### Activity
I'd like the entries reproduced exactly, with the images omitted.

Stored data

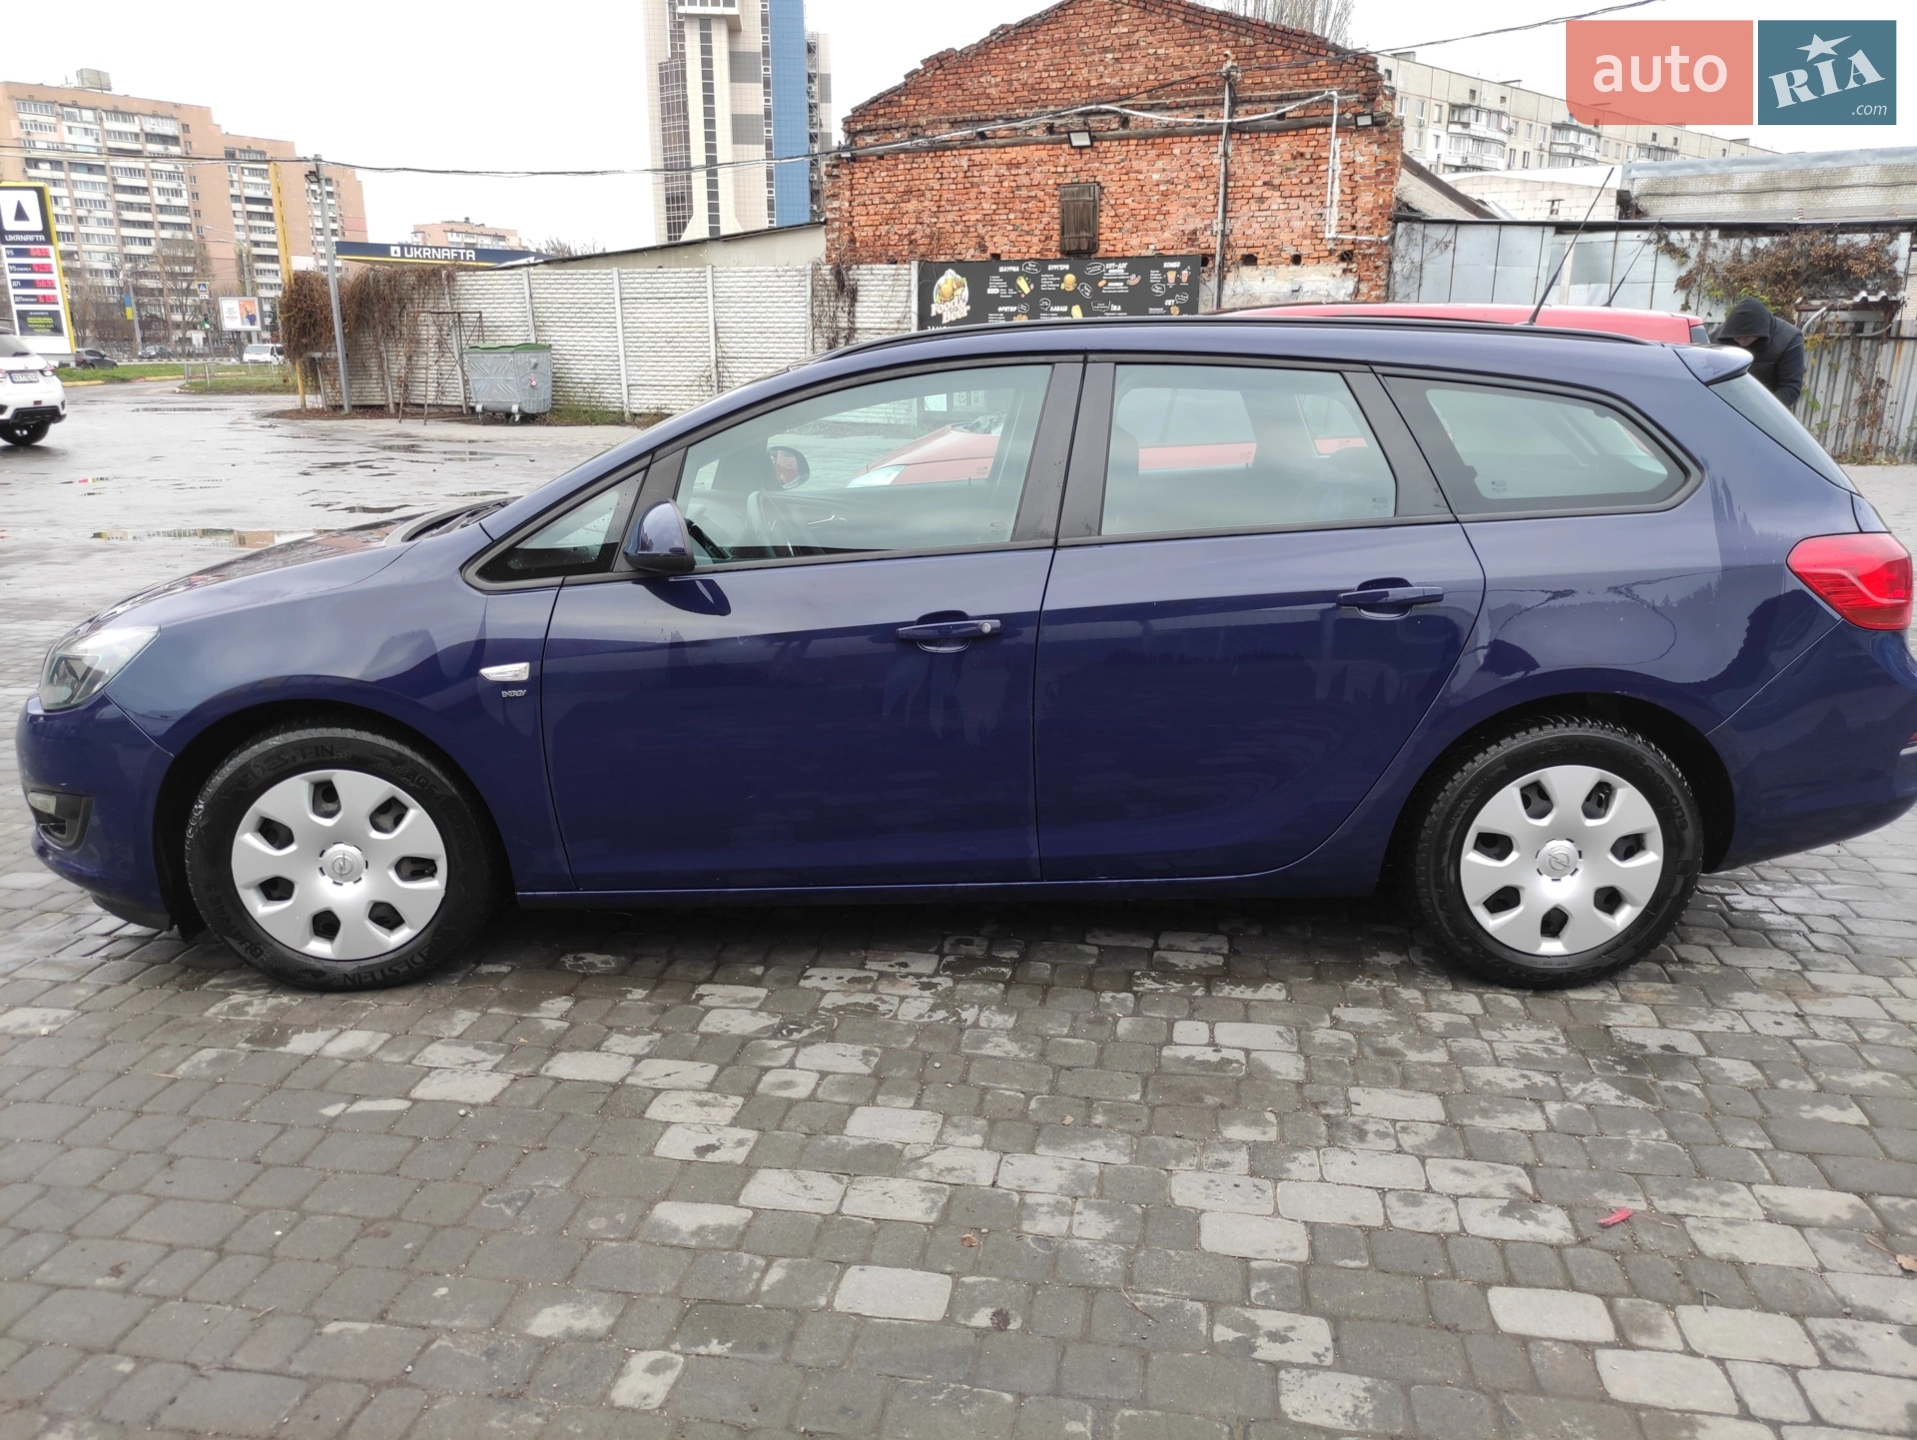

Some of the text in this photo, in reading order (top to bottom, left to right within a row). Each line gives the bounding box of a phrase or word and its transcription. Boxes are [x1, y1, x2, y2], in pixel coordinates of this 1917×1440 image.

[4, 234, 46, 242] UKRNAFTA
[404, 246, 475, 261] UKRNAFTA
[931, 296, 960, 317] Food
[942, 305, 971, 324] Beer
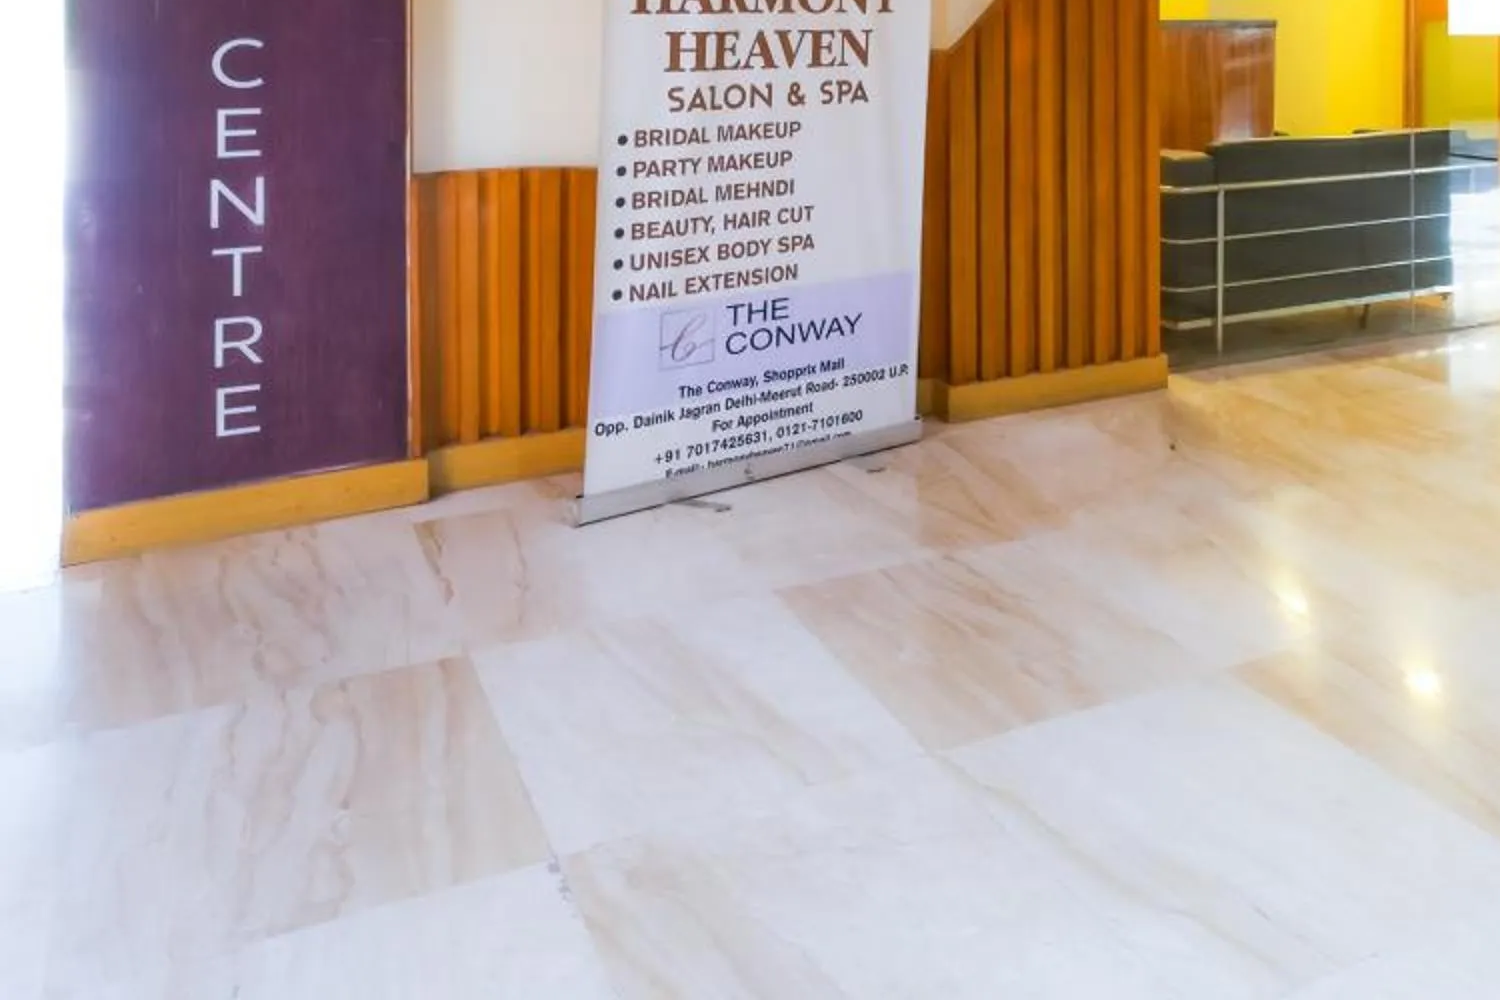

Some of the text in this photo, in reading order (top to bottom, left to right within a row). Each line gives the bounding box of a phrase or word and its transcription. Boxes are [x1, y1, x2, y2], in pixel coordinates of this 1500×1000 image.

[663, 28, 873, 72] HEAVEN
[667, 80, 869, 113] SALON & SPA
[634, 120, 802, 149] BRIDAL MAKEUP
[632, 150, 793, 179] PARTY MAKEUP
[631, 179, 795, 211] BRIDAL MEHNDI
[208, 36, 267, 438] CENTRE
[630, 205, 815, 241] BEAUTY, HAIR CUT
[629, 234, 815, 271] UNISEX BODY SPA
[628, 263, 799, 303] NAIL EXTENSION
[726, 297, 791, 327] THE
[725, 313, 863, 356] CONWAY
[679, 357, 845, 399] The Conway, Shopprix Mall
[595, 420, 629, 438] Opp.
[633, 409, 675, 430] Dainik
[679, 402, 721, 421] Jagran
[725, 384, 802, 411] Delhi-Meerut
[843, 367, 886, 388] 250002
[711, 401, 814, 432] For Appointment
[655, 449, 680, 464] +91
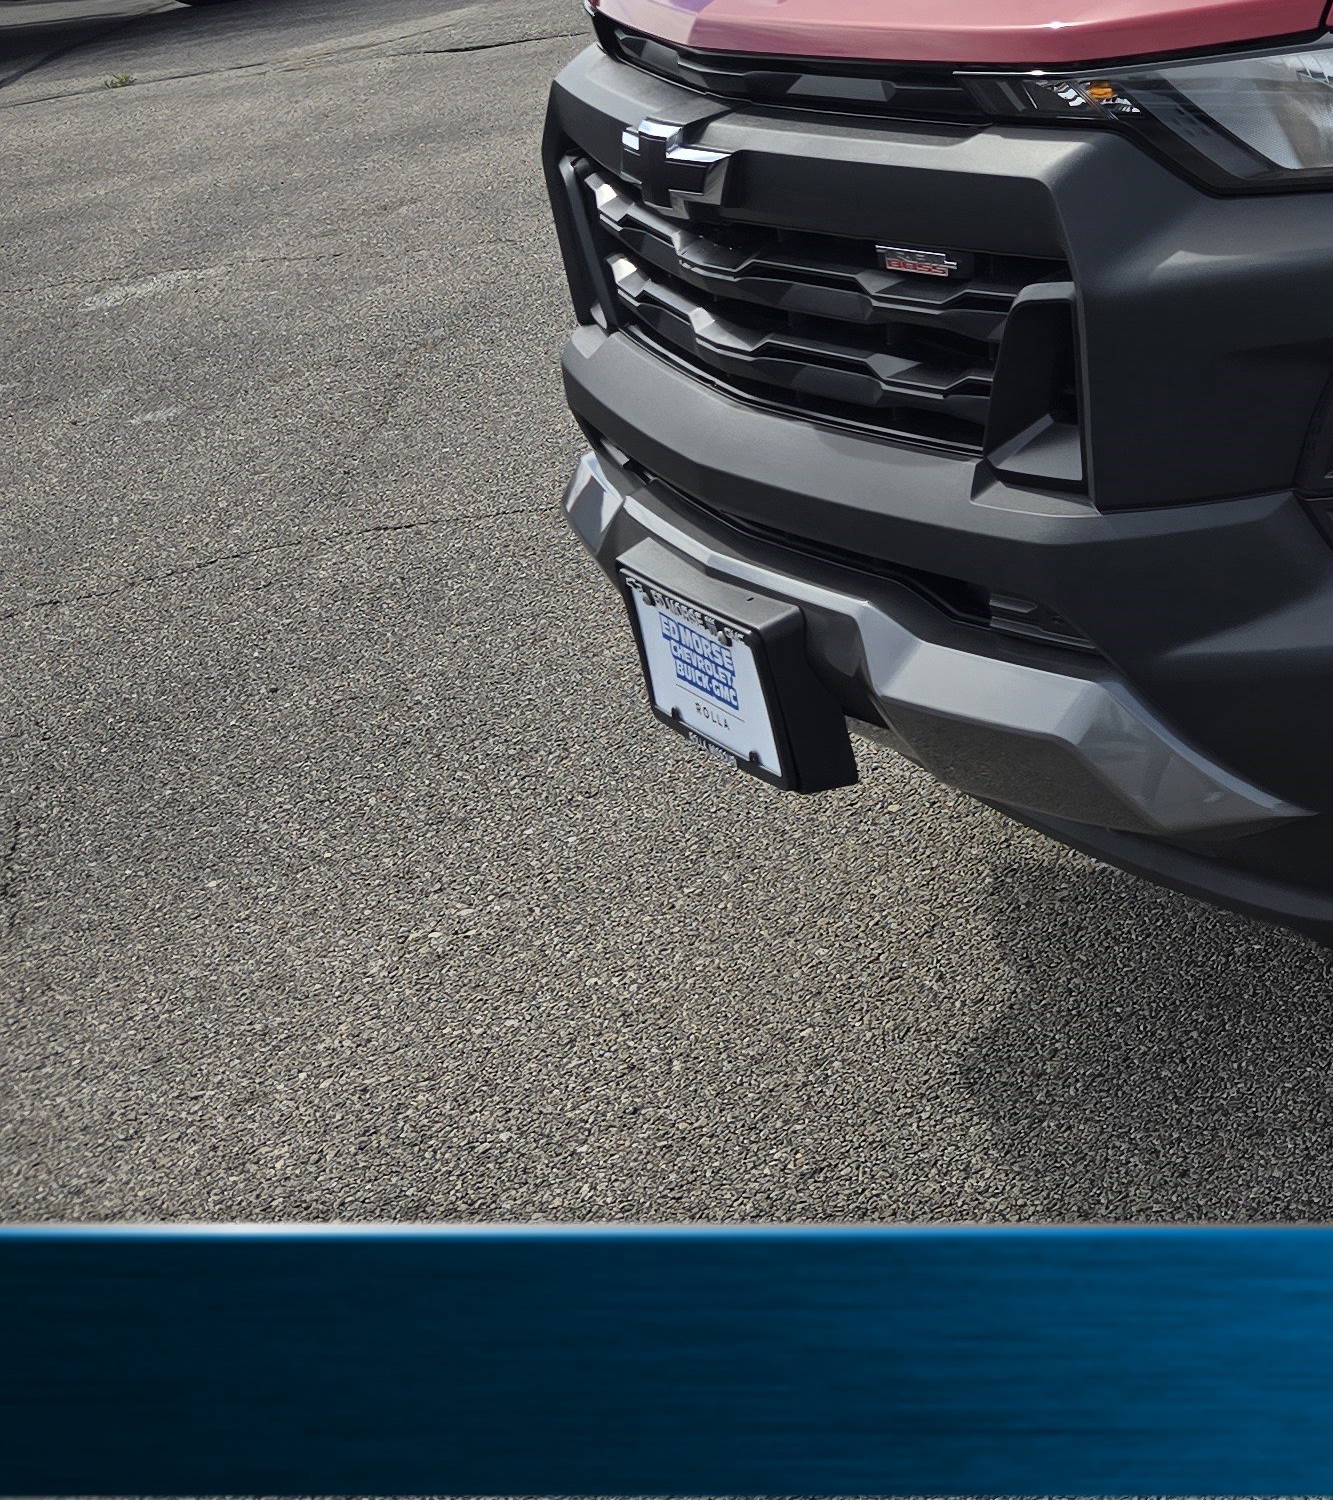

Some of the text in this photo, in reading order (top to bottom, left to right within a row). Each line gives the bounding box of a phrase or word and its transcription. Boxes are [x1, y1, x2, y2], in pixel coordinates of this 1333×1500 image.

### Response area
Some of the text in this photo, in reading order (top to bottom, left to right within a row). Each line gives the bounding box of a phrase or word and its transcription. Boxes are [x1, y1, x2, y2], in pixel coordinates of this 1917×1440 image.

[4, 234, 46, 242] UKRNAFTA
[404, 246, 475, 261] UKRNAFTA
[931, 296, 960, 317] Food
[942, 305, 971, 324] Beer

Some of the text in this photo, in reading order (top to bottom, left to right within a row). Each line gives the bounding box of a phrase or word and its transcription. Boxes are [x1, y1, x2, y2], in pixel coordinates of this 1500×1000 image.

[663, 28, 873, 72] HEAVEN
[667, 80, 869, 113] SALON & SPA
[634, 120, 802, 149] BRIDAL MAKEUP
[632, 150, 793, 179] PARTY MAKEUP
[631, 179, 795, 211] BRIDAL MEHNDI
[208, 36, 267, 438] CENTRE
[630, 205, 815, 241] BEAUTY, HAIR CUT
[629, 234, 815, 271] UNISEX BODY SPA
[628, 263, 799, 303] NAIL EXTENSION
[726, 297, 791, 327] THE
[725, 313, 863, 356] CONWAY
[679, 357, 845, 399] The Conway, Shopprix Mall
[595, 420, 629, 438] Opp.
[633, 409, 675, 430] Dainik
[679, 402, 721, 421] Jagran
[725, 384, 802, 411] Delhi-Meerut
[843, 367, 886, 388] 250002
[711, 401, 814, 432] For Appointment
[655, 449, 680, 464] +91

Some of the text in this photo, in reading order (top to bottom, left to right within a row). Each line gives the bounding box of a phrase or word and its transcription. Boxes are [x1, y1, x2, y2], in pixel coordinates of this 1333×1500 image.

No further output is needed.